Load Testing
Exercising a system under expected workload to answer “can we handle load X?” or “what is the maximum Y we can handle?“. Not the same as stress testing, which cranks pressure until things break.
Why?
Scalability goals (1 user to 100 to 10 million) require numbers, not hunches. C-level asks “can we handle 10x users?” need evidence-backed answers.
Two workload schedules:
- Steady load: constant arrival rate held for the duration
- Stepwise load: incrementally increasing rate in discrete steps
Start with why [Mel21]
The reason drives the design:
- New system: establish average workload + safety buffer
- Expected growth (10x users): find bottlenecks
- Spike (tax season, Black Friday): hard part is simulating the spike
- High uptime (99.99%): endurance test on top of load test
- “Performance testing” is on the checklist with no real reason: bail
What to test
- Not 100% coverage. Start with what observability flags as slow, or the critical path per product requirements
- Compute-heavy workflows, UX-sensitive flows (signup > 2s and users quit), hard external deadlines (1s to approve/decline)

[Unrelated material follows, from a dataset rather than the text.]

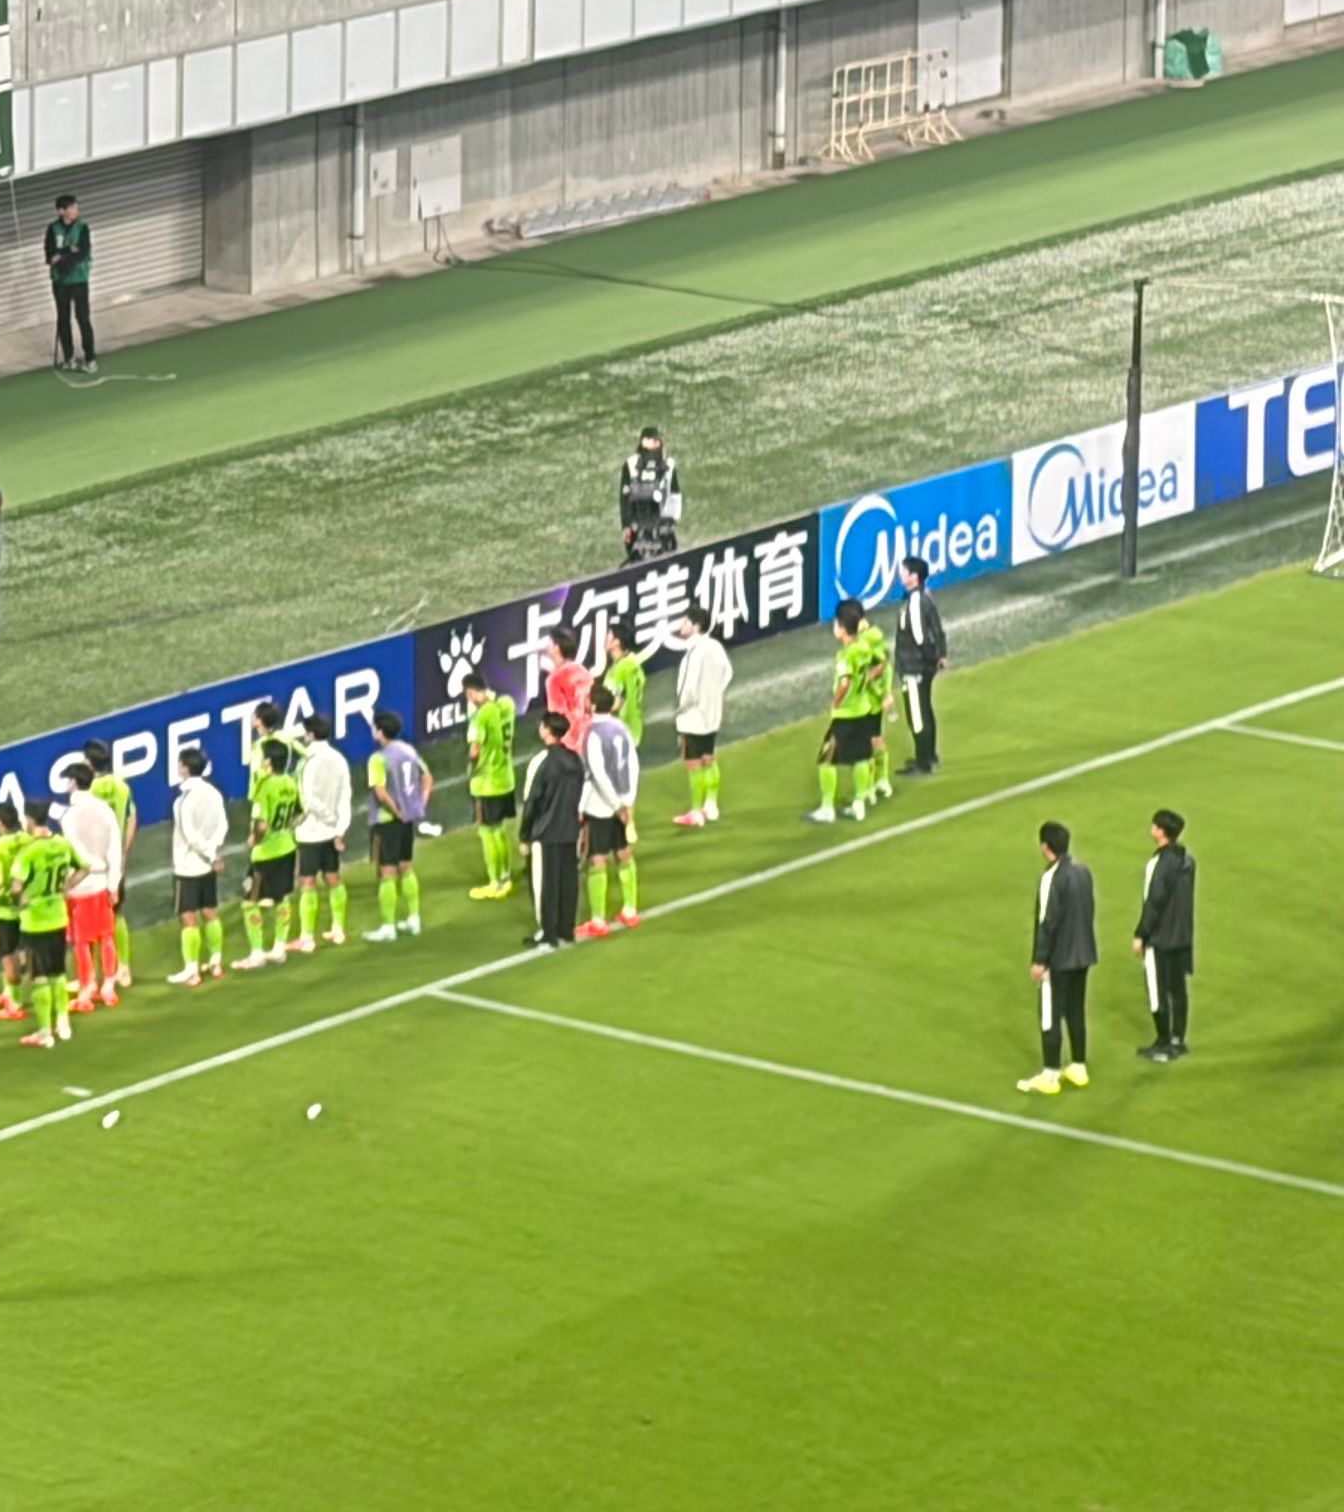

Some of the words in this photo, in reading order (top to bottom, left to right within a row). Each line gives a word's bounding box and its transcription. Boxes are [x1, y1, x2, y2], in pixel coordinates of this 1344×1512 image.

[1050, 459, 1179, 548] Midea
[857, 508, 1000, 609] Midea
[507, 528, 809, 699] 卡尔美体育
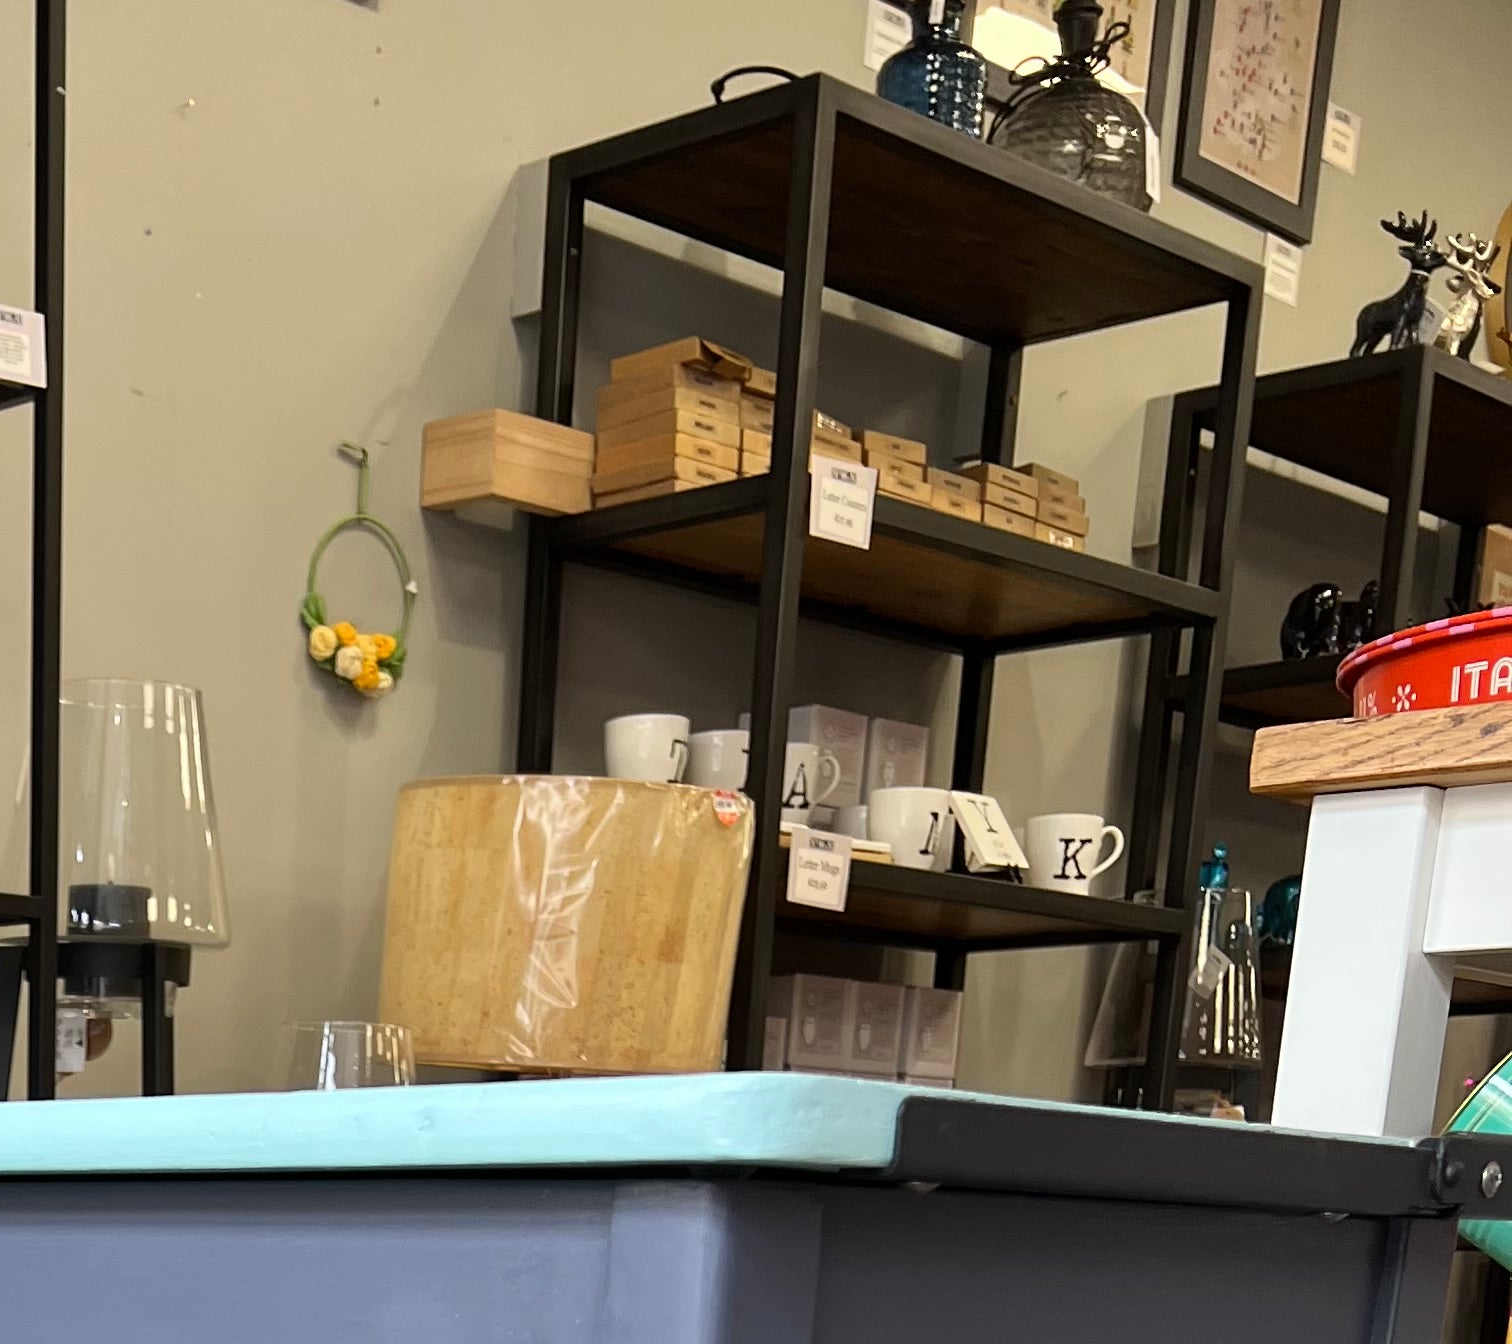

- Low current utilization means you have to guess the rate-limiting step and revise as you ramp up
How to test
Hardware principle [Liu09]
Test on production-equivalent hardware. A 16 GB laptop is not a 128 GB server, and limiting factors differ wildly. Otherwise you waste time optimizing RAM when RAM is not the problem.
Reality principle
Use real workload shapes. Legal may block real customer data, so use the best approximation.
War story (JZ)
A DB migration timed out on prod because the test DB was much smaller. “Managers run the report monthly” turned into “managers run it hourly to watch their team.” Plan types, customer sizes, entity counts all matter.
Volume principle
“More is the new more.” You cannot fake real pressure. Faking CPU pressure (encoding video in a loop) does not reveal lock contention that only shows up with 500 real users.
Reproducibility
Two runs on the same code should produce similar results. Unlike unit tests, load tests have real randomness (generated data, scheduler, luck), so aim for similarity, not identity.
Endurance tests
Running analogy
Jeff can run 10 km/h for 1 hour, not 4. Looking at a 15-min sample you’d conclude he could run forever.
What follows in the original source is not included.